TASK DIRECTIONS → Would you reproduce all of the entries exactly?

DATASET →
━━━━━━

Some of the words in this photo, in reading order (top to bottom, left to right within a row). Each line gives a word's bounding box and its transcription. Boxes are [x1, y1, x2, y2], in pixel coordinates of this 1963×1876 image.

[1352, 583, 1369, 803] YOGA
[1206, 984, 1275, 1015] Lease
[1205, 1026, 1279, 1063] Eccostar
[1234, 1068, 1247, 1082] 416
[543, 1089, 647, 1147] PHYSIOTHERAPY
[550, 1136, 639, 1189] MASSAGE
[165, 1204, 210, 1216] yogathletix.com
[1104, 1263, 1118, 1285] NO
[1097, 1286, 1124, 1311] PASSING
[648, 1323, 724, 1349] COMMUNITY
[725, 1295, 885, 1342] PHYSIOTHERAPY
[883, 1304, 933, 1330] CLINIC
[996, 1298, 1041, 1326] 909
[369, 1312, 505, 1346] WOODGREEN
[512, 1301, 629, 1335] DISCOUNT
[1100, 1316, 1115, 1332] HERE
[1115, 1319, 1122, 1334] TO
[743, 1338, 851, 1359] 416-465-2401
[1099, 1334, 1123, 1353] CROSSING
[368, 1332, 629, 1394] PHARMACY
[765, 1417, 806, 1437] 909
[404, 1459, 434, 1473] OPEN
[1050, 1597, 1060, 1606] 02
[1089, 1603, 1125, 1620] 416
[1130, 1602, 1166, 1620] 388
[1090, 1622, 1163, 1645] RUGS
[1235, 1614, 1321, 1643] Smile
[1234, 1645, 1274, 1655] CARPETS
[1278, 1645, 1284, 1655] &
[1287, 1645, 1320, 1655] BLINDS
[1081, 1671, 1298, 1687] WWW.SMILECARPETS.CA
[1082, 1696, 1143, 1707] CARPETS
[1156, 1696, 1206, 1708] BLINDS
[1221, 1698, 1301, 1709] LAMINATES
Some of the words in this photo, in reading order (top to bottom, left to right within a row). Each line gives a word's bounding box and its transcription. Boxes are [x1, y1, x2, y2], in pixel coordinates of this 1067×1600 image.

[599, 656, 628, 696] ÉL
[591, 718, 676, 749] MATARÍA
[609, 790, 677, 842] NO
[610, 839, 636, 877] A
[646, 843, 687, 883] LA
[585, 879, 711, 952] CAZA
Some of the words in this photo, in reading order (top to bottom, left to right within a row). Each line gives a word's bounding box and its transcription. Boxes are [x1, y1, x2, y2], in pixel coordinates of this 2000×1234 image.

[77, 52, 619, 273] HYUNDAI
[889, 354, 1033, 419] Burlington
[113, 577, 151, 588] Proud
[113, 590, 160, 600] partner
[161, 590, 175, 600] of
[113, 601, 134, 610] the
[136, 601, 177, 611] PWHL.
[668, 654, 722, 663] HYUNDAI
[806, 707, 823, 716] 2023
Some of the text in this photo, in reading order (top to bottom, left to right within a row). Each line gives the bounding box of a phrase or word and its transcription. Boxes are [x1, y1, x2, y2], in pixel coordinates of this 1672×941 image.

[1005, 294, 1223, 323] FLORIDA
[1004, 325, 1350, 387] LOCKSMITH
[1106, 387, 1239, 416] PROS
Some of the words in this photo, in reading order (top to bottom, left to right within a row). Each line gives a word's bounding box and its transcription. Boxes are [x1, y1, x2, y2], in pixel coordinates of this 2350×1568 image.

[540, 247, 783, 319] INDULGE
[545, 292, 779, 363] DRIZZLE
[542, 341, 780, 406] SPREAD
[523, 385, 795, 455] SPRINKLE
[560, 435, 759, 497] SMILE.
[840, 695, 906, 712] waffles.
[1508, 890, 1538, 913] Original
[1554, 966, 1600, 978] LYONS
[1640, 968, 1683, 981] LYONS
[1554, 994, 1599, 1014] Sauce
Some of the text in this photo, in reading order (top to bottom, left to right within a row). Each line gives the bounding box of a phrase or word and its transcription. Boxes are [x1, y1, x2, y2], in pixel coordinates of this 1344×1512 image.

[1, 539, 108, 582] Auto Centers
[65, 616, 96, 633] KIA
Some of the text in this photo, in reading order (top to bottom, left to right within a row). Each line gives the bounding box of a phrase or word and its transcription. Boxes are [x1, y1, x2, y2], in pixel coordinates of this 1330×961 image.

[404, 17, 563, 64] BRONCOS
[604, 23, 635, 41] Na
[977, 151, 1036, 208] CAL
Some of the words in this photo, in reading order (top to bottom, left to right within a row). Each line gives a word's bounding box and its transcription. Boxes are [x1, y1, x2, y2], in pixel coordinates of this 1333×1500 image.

━━━━━━

YOUR SOLUTION →
Some of the words in this photo, in reading order (top to bottom, left to right within a row). Each line gives a word's bounding box and its transcription. Boxes are [x1, y1, x2, y2], in pixel coordinates of this 1963×1876 image.

[1352, 583, 1369, 803] YOGA
[1206, 984, 1275, 1015] Lease
[1205, 1026, 1279, 1063] Eccostar
[1234, 1068, 1247, 1082] 416
[543, 1089, 647, 1147] PHYSIOTHERAPY
[550, 1136, 639, 1189] MASSAGE
[165, 1204, 210, 1216] yogathletix.com
[1104, 1263, 1118, 1285] NO
[1097, 1286, 1124, 1311] PASSING
[648, 1323, 724, 1349] COMMUNITY
[725, 1295, 885, 1342] PHYSIOTHERAPY
[883, 1304, 933, 1330] CLINIC
[996, 1298, 1041, 1326] 909
[369, 1312, 505, 1346] WOODGREEN
[512, 1301, 629, 1335] DISCOUNT
[1100, 1316, 1115, 1332] HERE
[1115, 1319, 1122, 1334] TO
[743, 1338, 851, 1359] 416-465-2401
[1099, 1334, 1123, 1353] CROSSING
[368, 1332, 629, 1394] PHARMACY
[765, 1417, 806, 1437] 909
[404, 1459, 434, 1473] OPEN
[1050, 1597, 1060, 1606] 02
[1089, 1603, 1125, 1620] 416
[1130, 1602, 1166, 1620] 388
[1090, 1622, 1163, 1645] RUGS
[1235, 1614, 1321, 1643] Smile
[1234, 1645, 1274, 1655] CARPETS
[1278, 1645, 1284, 1655] &
[1287, 1645, 1320, 1655] BLINDS
[1081, 1671, 1298, 1687] WWW.SMILECARPETS.CA
[1082, 1696, 1143, 1707] CARPETS
[1156, 1696, 1206, 1708] BLINDS
[1221, 1698, 1301, 1709] LAMINATES
Some of the words in this photo, in reading order (top to bottom, left to right within a row). Each line gives a word's bounding box and its transcription. Boxes are [x1, y1, x2, y2], in pixel coordinates of this 1067×1600 image.

[599, 656, 628, 696] ÉL
[591, 718, 676, 749] MATARÍA
[609, 790, 677, 842] NO
[610, 839, 636, 877] A
[646, 843, 687, 883] LA
[585, 879, 711, 952] CAZA
Some of the words in this photo, in reading order (top to bottom, left to right within a row). Each line gives a word's bounding box and its transcription. Boxes are [x1, y1, x2, y2], in pixel coordinates of this 2000×1234 image.

[77, 52, 619, 273] HYUNDAI
[889, 354, 1033, 419] Burlington
[113, 577, 151, 588] Proud
[113, 590, 160, 600] partner
[161, 590, 175, 600] of
[113, 601, 134, 610] the
[136, 601, 177, 611] PWHL.
[668, 654, 722, 663] HYUNDAI
[806, 707, 823, 716] 2023
Some of the text in this photo, in reading order (top to bottom, left to right within a row). Each line gives the bounding box of a phrase or word and its transcription. Boxes are [x1, y1, x2, y2], in pixel coordinates of this 1672×941 image.

[1005, 294, 1223, 323] FLORIDA
[1004, 325, 1350, 387] LOCKSMITH
[1106, 387, 1239, 416] PROS
Some of the words in this photo, in reading order (top to bottom, left to right within a row). Each line gives a word's bounding box and its transcription. Boxes are [x1, y1, x2, y2], in pixel coordinates of this 2350×1568 image.

[540, 247, 783, 319] INDULGE
[545, 292, 779, 363] DRIZZLE
[542, 341, 780, 406] SPREAD
[523, 385, 795, 455] SPRINKLE
[560, 435, 759, 497] SMILE.
[840, 695, 906, 712] waffles.
[1508, 890, 1538, 913] Original
[1554, 966, 1600, 978] LYONS
[1640, 968, 1683, 981] LYONS
[1554, 994, 1599, 1014] Sauce
Some of the text in this photo, in reading order (top to bottom, left to right within a row). Each line gives the bounding box of a phrase or word and its transcription. Boxes are [x1, y1, x2, y2], in pixel coordinates of this 1344×1512 image.

[1, 539, 108, 582] Auto Centers
[65, 616, 96, 633] KIA
Some of the text in this photo, in reading order (top to bottom, left to right within a row). Each line gives the bounding box of a phrase or word and its transcription. Boxes are [x1, y1, x2, y2], in pixel coordinates of this 1330×961 image.

[404, 17, 563, 64] BRONCOS
[604, 23, 635, 41] Na
[977, 151, 1036, 208] CAL
Some of the words in this photo, in reading order (top to bottom, left to right within a row). Each line gives a word's bounding box and its transcription. Boxes are [x1, y1, x2, y2], in pixel coordinates of this 1333×1500 image.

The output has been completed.